## Required action
Would you print the data below exactly, leaving out every picture?

Content starts

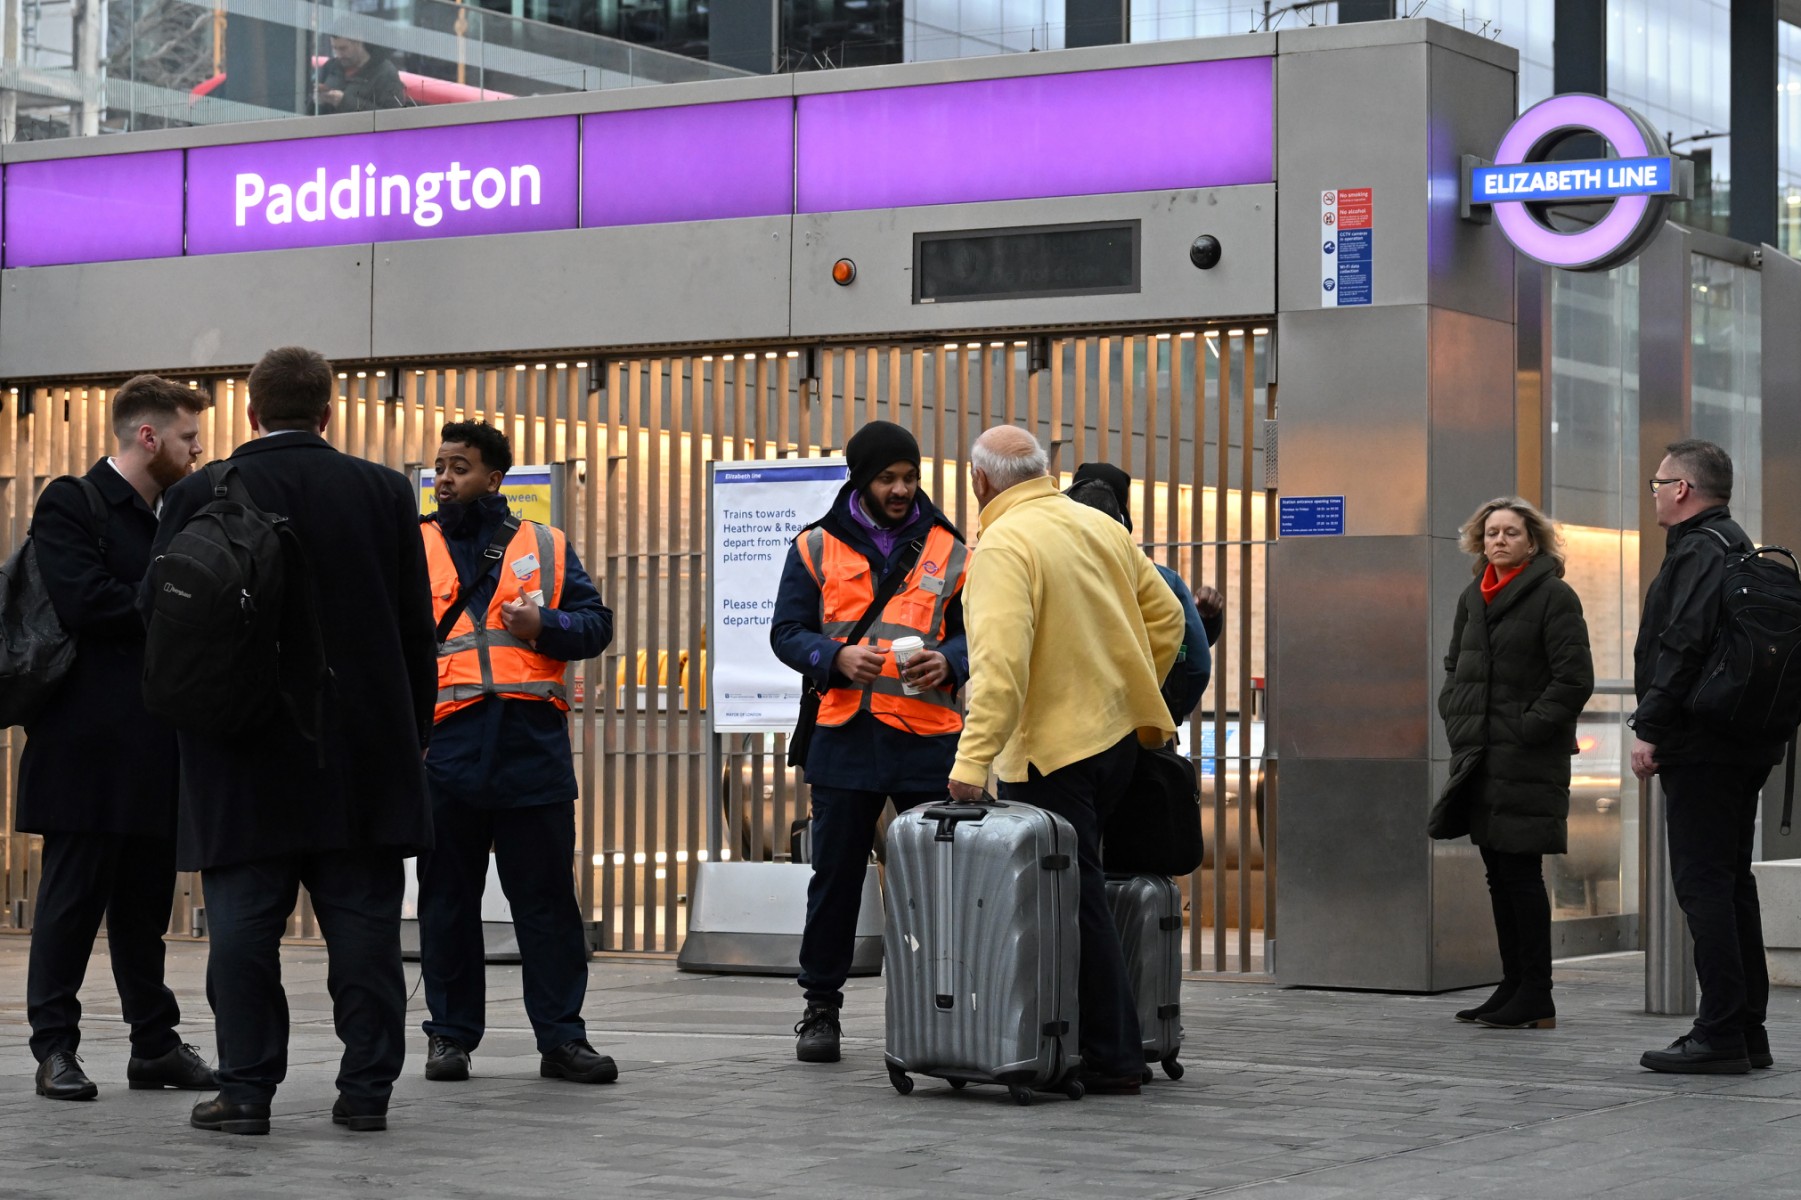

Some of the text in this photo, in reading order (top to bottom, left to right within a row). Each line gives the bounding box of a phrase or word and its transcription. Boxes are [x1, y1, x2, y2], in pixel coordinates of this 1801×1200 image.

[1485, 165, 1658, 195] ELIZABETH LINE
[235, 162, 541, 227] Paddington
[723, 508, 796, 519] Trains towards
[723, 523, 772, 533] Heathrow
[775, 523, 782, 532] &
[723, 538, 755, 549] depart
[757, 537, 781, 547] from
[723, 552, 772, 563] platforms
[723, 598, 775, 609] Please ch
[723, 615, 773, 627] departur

Content ends

## Task output
Some of the text in this photo, in reading order (top to bottom, left to right within a row). Each line gives the bounding box of a phrase or word and its transcription. Boxes are [x1, y1, x2, y2], in pixel coordinates of this 1801×1200 image.

[1485, 165, 1658, 195] ELIZABETH LINE
[235, 162, 541, 227] Paddington
[723, 508, 796, 519] Trains towards
[723, 523, 772, 533] Heathrow
[775, 523, 782, 532] &
[723, 538, 755, 549] depart
[757, 537, 781, 547] from
[723, 552, 772, 563] platforms
[723, 598, 775, 609] Please ch
[723, 615, 773, 627] departur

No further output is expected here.